1. ## Proof involving integrals equal to 0.

Let
f be a bounded integrable non-negative function continous on [a, b].
Prove:
integral from a to b f(x) dx = 0 implies f(x) = 0 for every x

I believe I understand why it is true, I'm just not sure how to write the formal proof.

2. Originally Posted by amm345 Let
f be a bounded integrable non-negative function continous on [a, b].
Prove:
integral from a to b f(x) dx = 0 implies f(x) = 0 for every x

I believe I understand why it is true, I'm just not sure how to write the formal proof.

What have you tried? Here is a weird approach.

Suppose that $\displaystyle f\ne 0$ then there exists some $\displaystyle x\in[a,b]$ such $\displaystyle f(x)\in(0,\infty)$ and since this set is open there exists some open ball $\displaystyle B_{\varepsilon}(f(x))\subseteq(0,\infty)$ and by continuity there exists some $\displaystyle B_{\delta}(x)$ such that $\displaystyle f\left(B_{\delta}(x)\right)\subseteq B_{\varepsilon}(f(x))\subseteq(0,\infty)$. In other words, there exists some open ball around the point where $\displaystyle f(x)\ne0$ which is entirely positive. Take the concentric closed ball $\displaystyle B_{\frac{\delta}{2}}$. This is a closed and bounded interval and thus, by the Heine-Borel theorem, compact. Thus, since $\displaystyle f:B_{\frac{\delta}{2}}[x]\mapsto\mathbb{R}$ is continuous we know that $\displaystyle f$ assumes a minimum on $\displaystyle B_{\frac{\delta}{2}}[x]$. In particular, $\displaystyle \inf_{x\in B_{\frac{\delta}{2}}[x]}f(x)=\varepsilon>0$. Thus, $\displaystyle \int_a^b\text{ }f=\int_a^{x-\frac{\delta}{2}}\text{ }f+\int_{x-\frac{\delta}{2}}^{x+\frac{\delta}{2}}\text{ }f+\int_{x+\frac{\delta}{2}}^b \text{ }f\geqslant 0+\frac{\varepsilon \delta}{2}+0>0$. This of course is a contradiction.

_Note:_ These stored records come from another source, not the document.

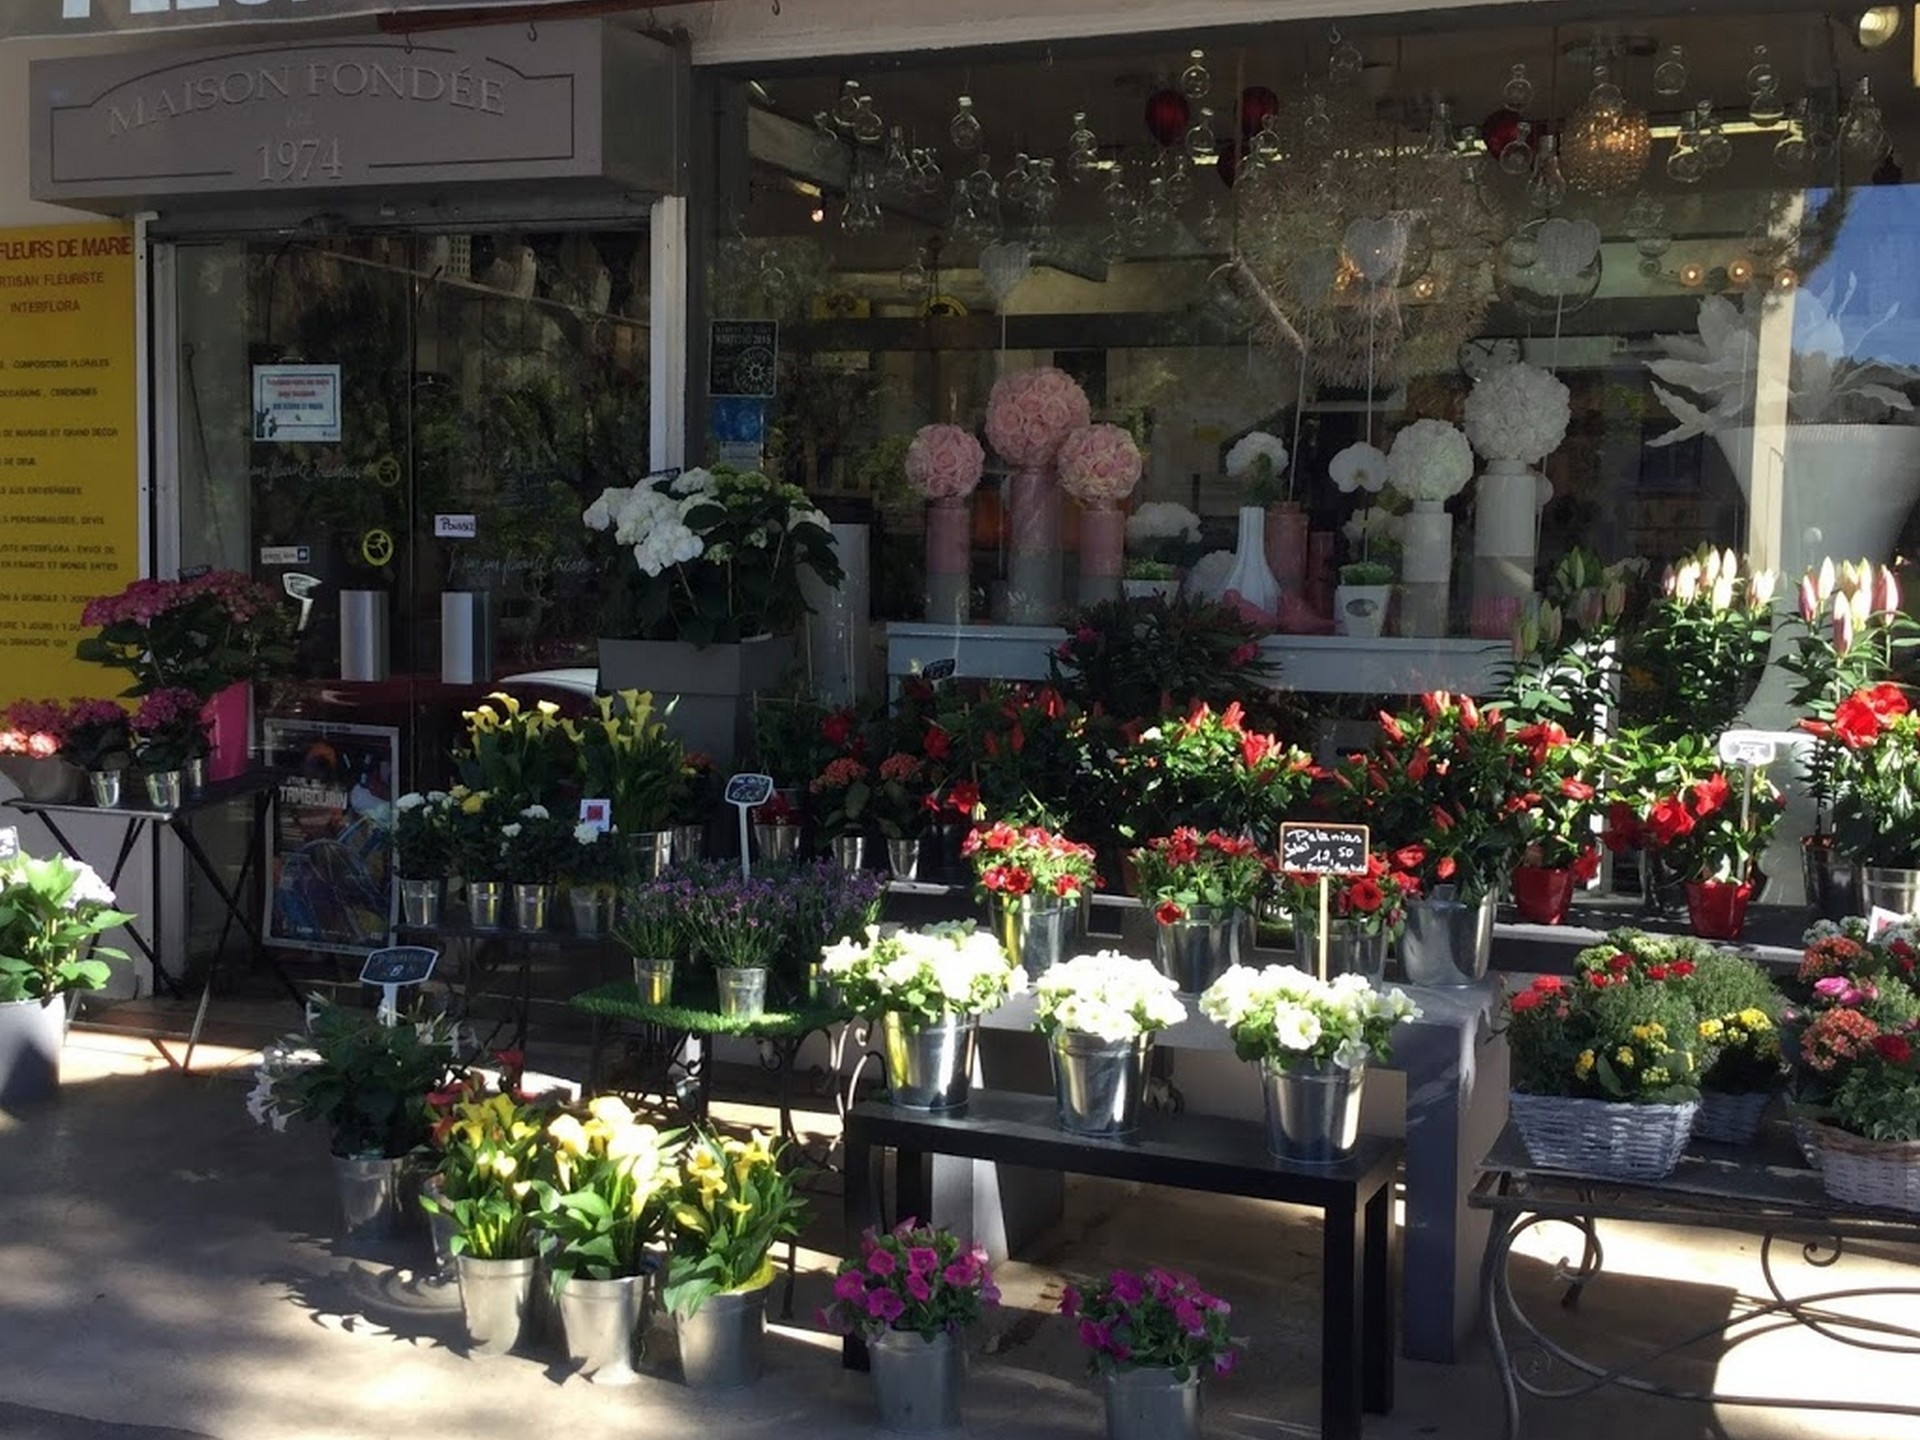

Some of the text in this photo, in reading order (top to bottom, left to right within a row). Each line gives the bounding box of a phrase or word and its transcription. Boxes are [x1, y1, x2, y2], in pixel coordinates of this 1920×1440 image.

[107, 61, 505, 137] MAISON FONDÉE
[255, 137, 344, 183] 1974
[57, 239, 78, 258] DE
[43, 271, 104, 286] FLEURISTE
[10, 299, 81, 313] INTERFLORA
[21, 544, 70, 554] INTERFLORA

3. That was sort of my original approach, but when I checked with my instructer he said we could not use that theorem and I can't think of anything else.

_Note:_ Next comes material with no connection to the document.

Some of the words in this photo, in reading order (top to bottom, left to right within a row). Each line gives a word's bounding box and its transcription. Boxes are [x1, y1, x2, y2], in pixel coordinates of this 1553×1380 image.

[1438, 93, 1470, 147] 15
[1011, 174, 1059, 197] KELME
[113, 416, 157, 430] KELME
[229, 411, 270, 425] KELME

4. Originally Posted by amm345 That was sort of my original approach, but when I checked with my instructer he said we could not use that theorem and I can't think of anything else.
Which theorem is that?

5. Oh sorry, the Heine-Borel theorem.

6. Originally Posted by amm345 Oh sorry, the Heine-Borel theorem.
Are you serious? What's the point of having tools if you can't use them! What if I proved it first? 7. I have no idea.. I couldn't think of anything else it is kinda ridiculous!

8. Originally Posted by amm345 I have no idea.. I couldn't think of anything else it is kinda ridiculous!
Ok. I can think of one or two other ways....what are you currently doing in class?

9. We started integration last week and we've mostly just covered the riemann integral, basic principles, the fundamental theorem and continuity.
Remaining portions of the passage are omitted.